### ACTIVITY
Before you return the lines below, strip out any images and keep every word as written.

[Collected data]
____

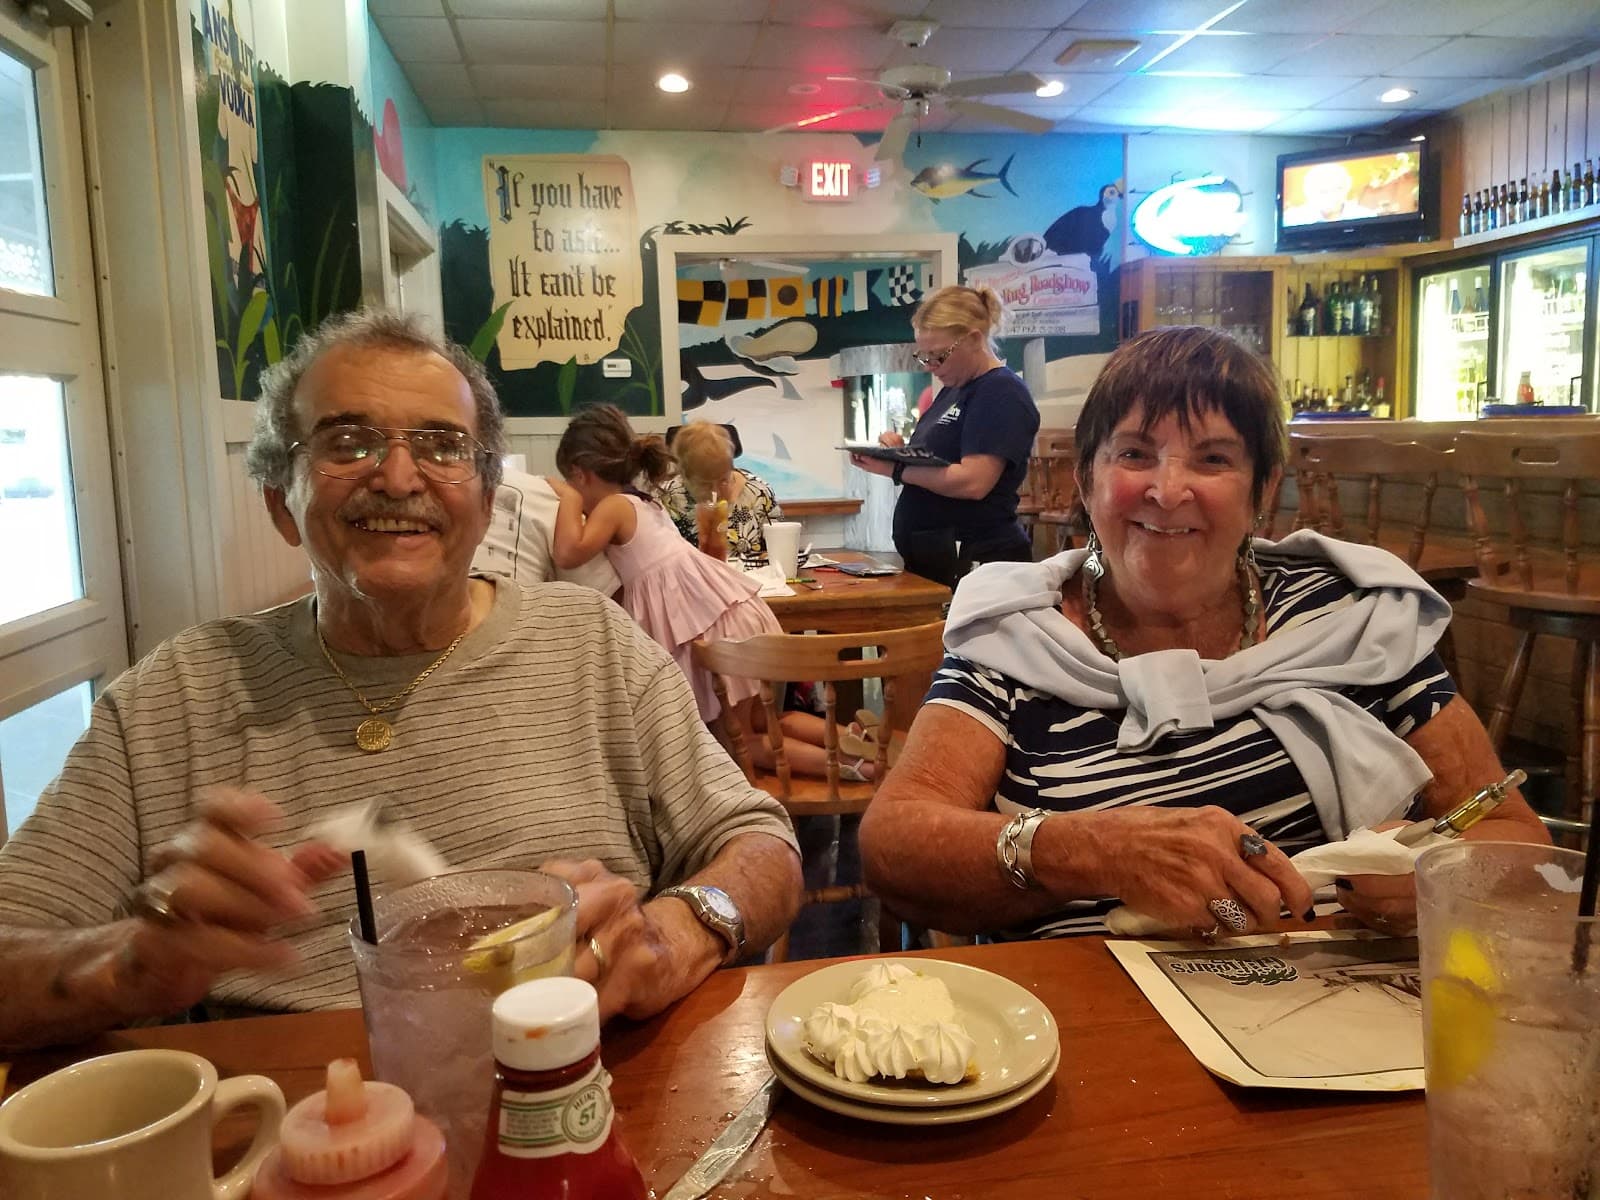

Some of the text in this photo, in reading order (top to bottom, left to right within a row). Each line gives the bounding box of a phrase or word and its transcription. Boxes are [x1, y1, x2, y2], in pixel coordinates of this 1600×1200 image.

[218, 68, 255, 129] VODKA
[529, 183, 572, 216] you
[577, 171, 623, 210] have
[811, 162, 851, 196] EXIT
[532, 219, 555, 252] to
[509, 255, 616, 298] It can't be
[573, 1091, 597, 1111] HEINZ
[579, 1101, 597, 1126] 57

____

### OUTPUT
Some of the text in this photo, in reading order (top to bottom, left to right within a row). Each line gives the bounding box of a phrase or word and its transcription. Boxes are [x1, y1, x2, y2], in pixel coordinates of this 1600×1200 image.

[218, 68, 255, 129] VODKA
[529, 183, 572, 216] you
[577, 171, 623, 210] have
[811, 162, 851, 196] EXIT
[532, 219, 555, 252] to
[509, 255, 616, 298] It can't be
[573, 1091, 597, 1111] HEINZ
[579, 1101, 597, 1126] 57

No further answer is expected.